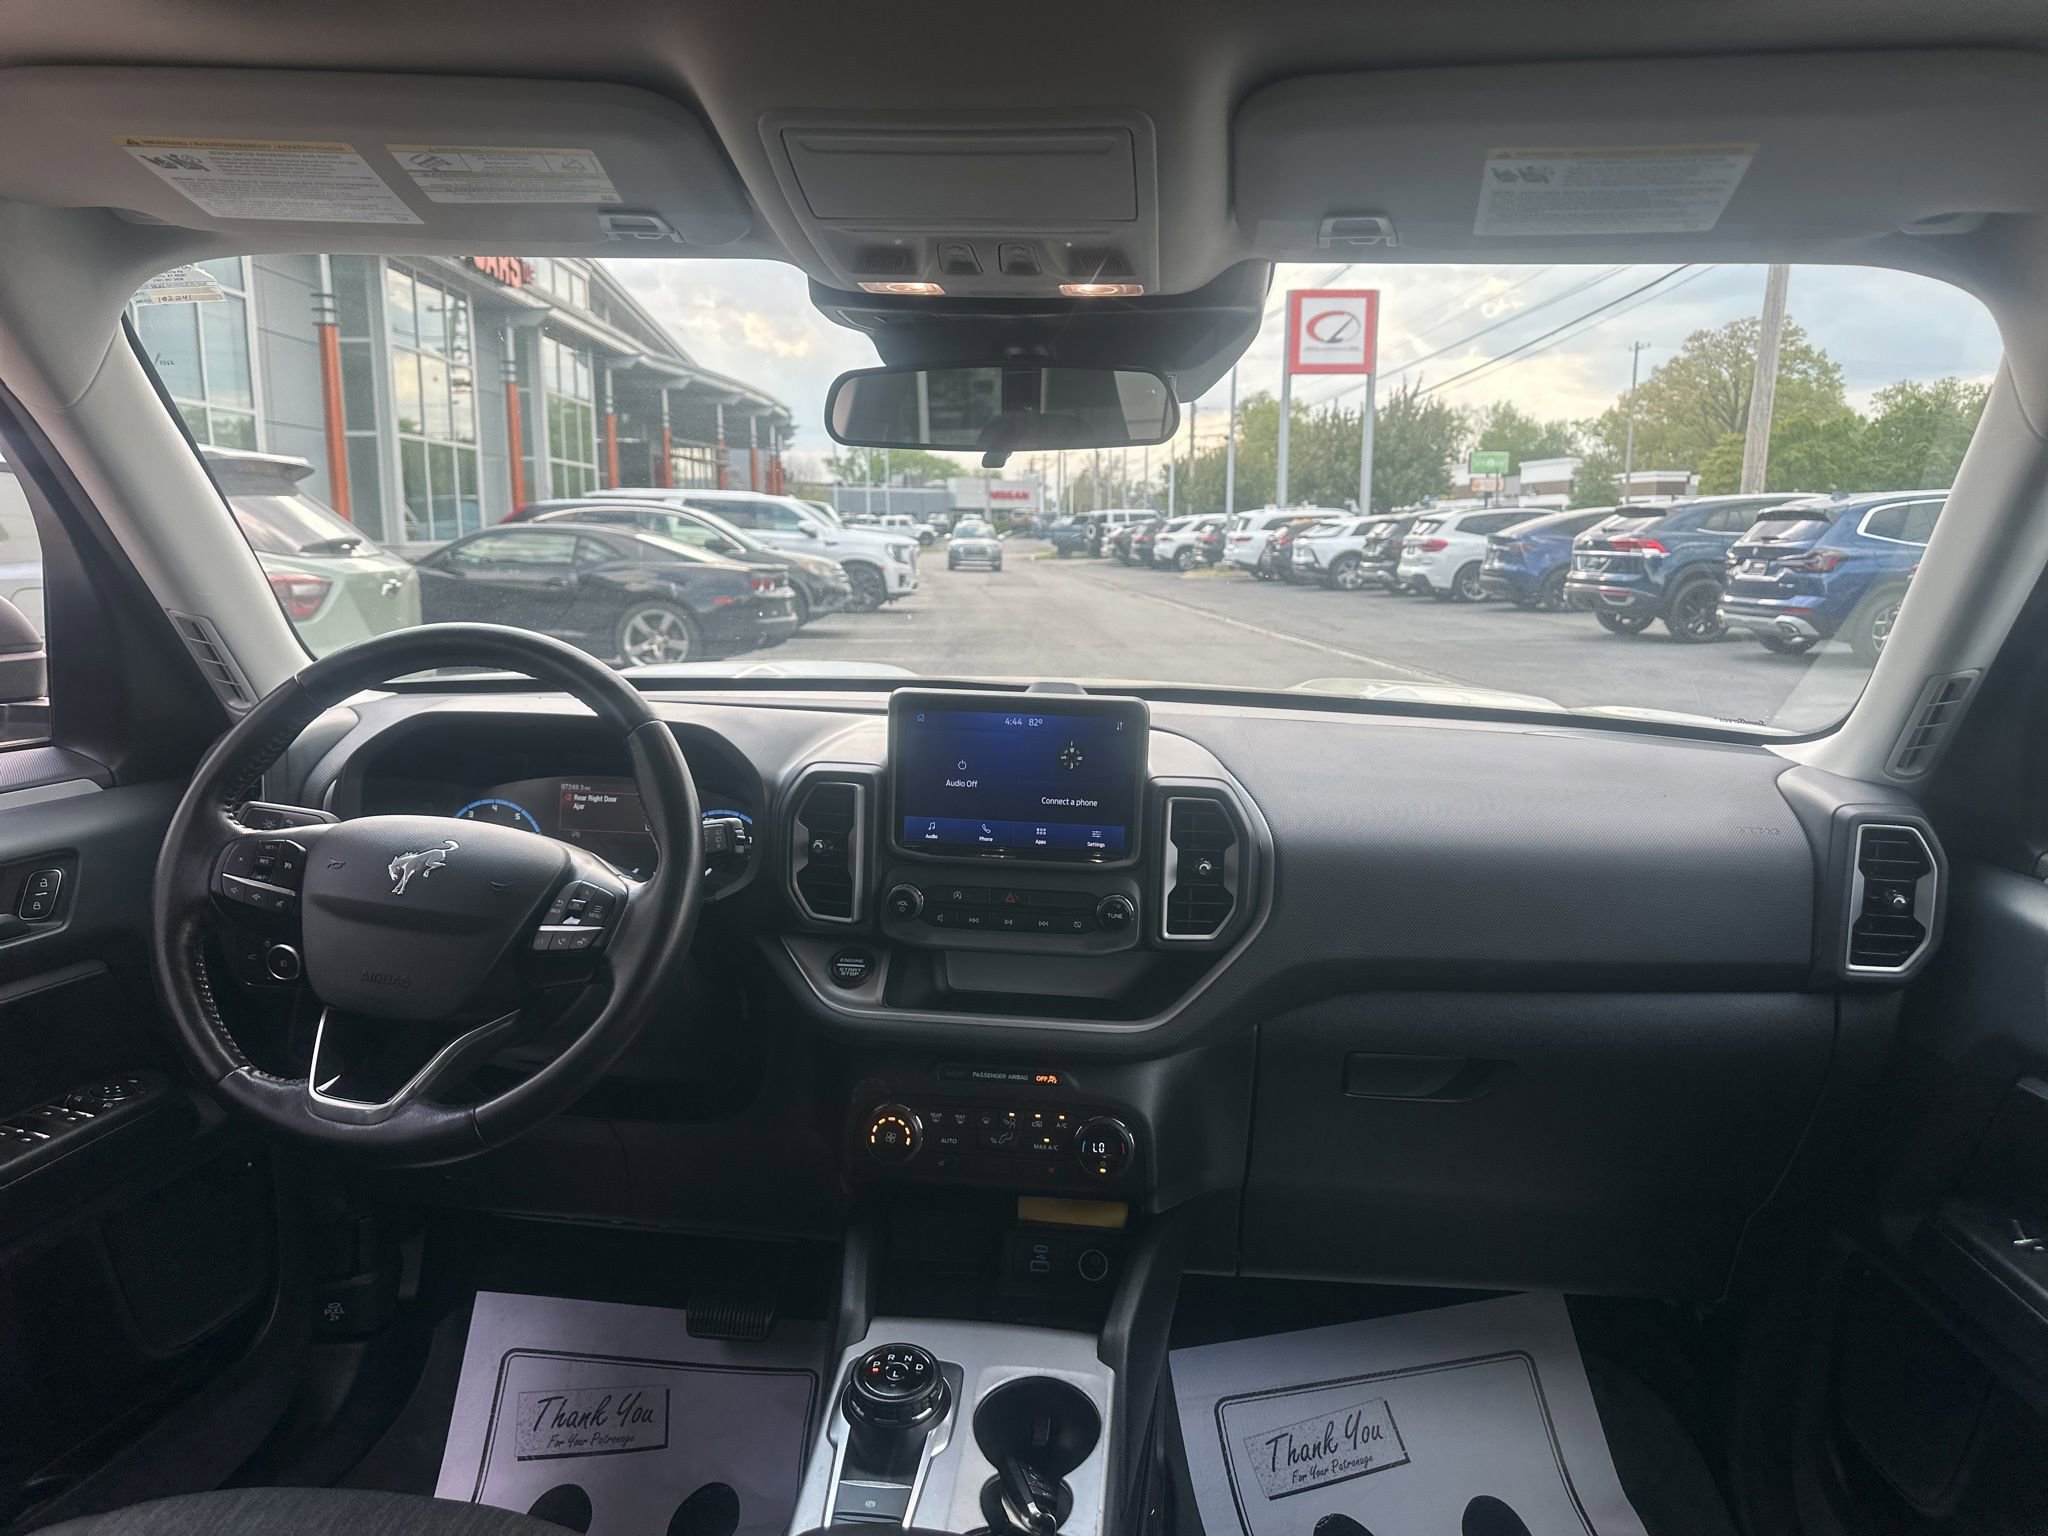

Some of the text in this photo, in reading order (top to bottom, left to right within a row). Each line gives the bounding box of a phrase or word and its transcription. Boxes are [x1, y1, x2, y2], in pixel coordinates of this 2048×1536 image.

[1004, 717, 1023, 726] 4:44
[945, 779, 978, 788] Audio Off
[573, 794, 587, 802] Rear
[588, 795, 603, 804] Right
[1041, 796, 1069, 806] Connect
[1075, 798, 1098, 808] phone
[491, 804, 498, 812] 4
[573, 803, 586, 811] Ajar
[468, 810, 474, 818] 3
[514, 812, 521, 820] 5
[896, 899, 909, 907] VOL
[1107, 912, 1123, 920] TUNE
[360, 968, 411, 989] AIRBAG
[972, 1071, 1007, 1080] PASSENGER
[1008, 1073, 1029, 1082] AIRBAG
[1056, 1121, 1068, 1129] A/C
[940, 1137, 958, 1145] AUTO
[887, 1353, 896, 1361] R
[904, 1354, 913, 1362] N
[872, 1360, 881, 1368] P
[915, 1363, 924, 1371] D
[892, 1370, 899, 1378] L
[533, 1391, 655, 1432] Thank You
[547, 1431, 636, 1449] For Your Patronage
[1265, 1410, 1384, 1472] Thank You
[1292, 1455, 1374, 1485] For Your Patronage

#####

Repeat the material above verbatim, with no pictures in the output.

> SOLUTION FOR THIS PROBLEM
Some of the text in this photo, in reading order (top to bottom, left to right within a row). Each line gives the bounding box of a phrase or word and its transcription. Boxes are [x1, y1, x2, y2], in pixel coordinates of this 2048×1536 image.

[1004, 717, 1023, 726] 4:44
[945, 779, 978, 788] Audio Off
[573, 794, 587, 802] Rear
[588, 795, 603, 804] Right
[1041, 796, 1069, 806] Connect
[1075, 798, 1098, 808] phone
[491, 804, 498, 812] 4
[573, 803, 586, 811] Ajar
[468, 810, 474, 818] 3
[514, 812, 521, 820] 5
[896, 899, 909, 907] VOL
[1107, 912, 1123, 920] TUNE
[360, 968, 411, 989] AIRBAG
[972, 1071, 1007, 1080] PASSENGER
[1008, 1073, 1029, 1082] AIRBAG
[1056, 1121, 1068, 1129] A/C
[940, 1137, 958, 1145] AUTO
[887, 1353, 896, 1361] R
[904, 1354, 913, 1362] N
[872, 1360, 881, 1368] P
[915, 1363, 924, 1371] D
[892, 1370, 899, 1378] L
[533, 1391, 655, 1432] Thank You
[547, 1431, 636, 1449] For Your Patronage
[1265, 1410, 1384, 1472] Thank You
[1292, 1455, 1374, 1485] For Your Patronage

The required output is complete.